Part 52 - Chapter 9: Surviving (7/7)
LYNNE IWONA-ANNE WILLIAMS LESZCZYŃSKI
The Year 2054
To my great surprise and joy, Ousmane agreed to leave with me to join Charlene on the other side of the ocean. Fatou saw no objection or inconvenience to his decision. She had taken care of him alone with her family in the most difficult years of his life as a boy and teenager. Now that our boy was becoming a man, it seemed only natural to both Fatou and I that I took over.
***
Do you know what the two most expensive things on Earth are since the liberation of the rich countries from their artificial intelligence?
A healthy, good quality egg and a vivacious, fast sperm.

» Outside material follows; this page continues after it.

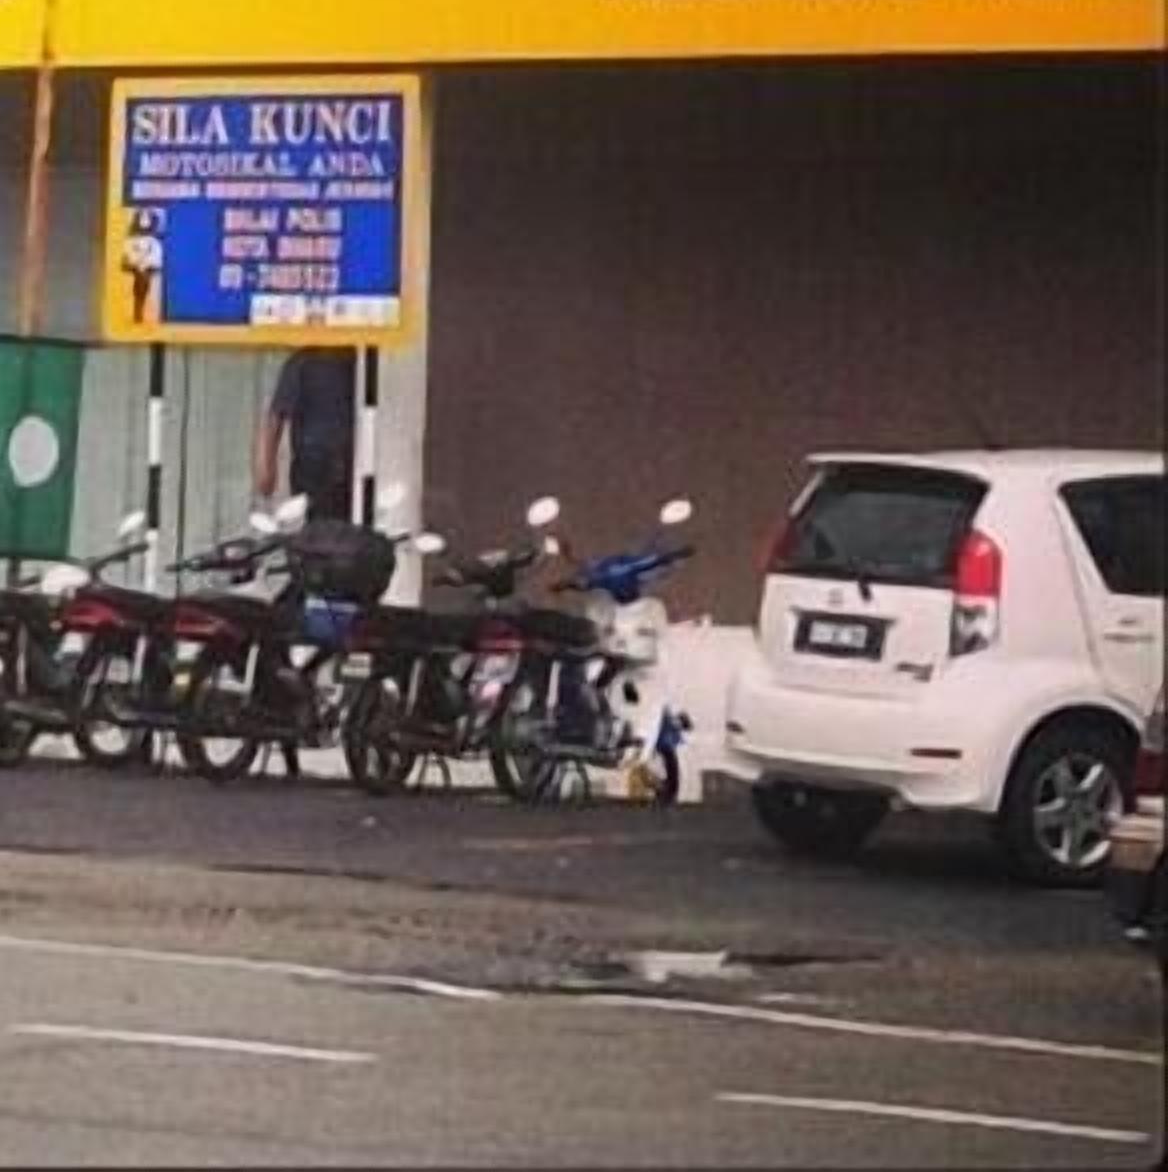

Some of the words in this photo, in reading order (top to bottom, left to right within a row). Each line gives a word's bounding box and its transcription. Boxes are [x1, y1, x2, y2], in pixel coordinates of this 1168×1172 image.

The human body lost the knack for procreation when the life and the bread of its days began to become scarce. The uncertainty of tomorrow, climatic austerity and human indifference drastically affected the fertility of the human species. The science of men saw another great opportunity to make more people cough up more money. If they wanted to see their genetic heritage reach the finishing line, signing the end point of humanity, they would have to pay more and more.
Back when Charlene wanted a child, half the population couldn't conceive naturally. Today, in 2082, more than 70% of the population can't. Children's adoption because of illness, disabilities and poverty no longer exists in a world like ours either. Science has gotten rid of them for good, unless of course some unfortunate accident. Nowadays, no one is really poor or really sick, but we are all short of money and medicine.
Charlene had a younger cousin who was fertile and her eggs were of good quality. Given my age, I thought we would have to find a sperm donor also, but the doctor confirmed that luckily for us, I didn't have to worry about that; my sperm were still vivacious and fast enough. Finding a surrogate was another adventure for us as Charlene's cousin's generosity would stop at conception. She didn't want to devote the next nine months of her own life to our desire to bring a new child into such an ugly world. She wanted even less to see her body change, expand, round out, and then finally tear itself apart in the name of the miracle of life or that of human greed.
Charlene and I were present during the delivery of our little girl. Both of us were more frightened than our surrogate mother. I hadn't attended Ousmane's birth. It wasn't really the custom in Africa for a man to attend childbirth. In Africa, conception is a couple's business, birth is a woman's business while caring for a child is everyone's business. To be honest, I think they are probably right. What good is there to be there watching when one doesn't even have the strength to bear the pain inflicted, unimaginable. And yes, it takes a whole village to care for a child born through one woman.
Our surrogate mother demonstrated remarkable strength and calm. One hand in Charlene's, the other in mine, she pushed our daughter out of her baby bump into the portal to our rotten world without the screams you often see in movies and documentaries. Only the sweat trickling down her grimacing face indicated the intensity of her pain.
"Who are you? And me, who am I?" Lynne's wrinkled little face seemed to ask me when she first looked at me with her curious little eyes.
This time, I don't know by what miracle, my eyes had the courage to answer her while my lips simply sketched a broad smile.
"I have no idea, but we'll all find out eventually before we die."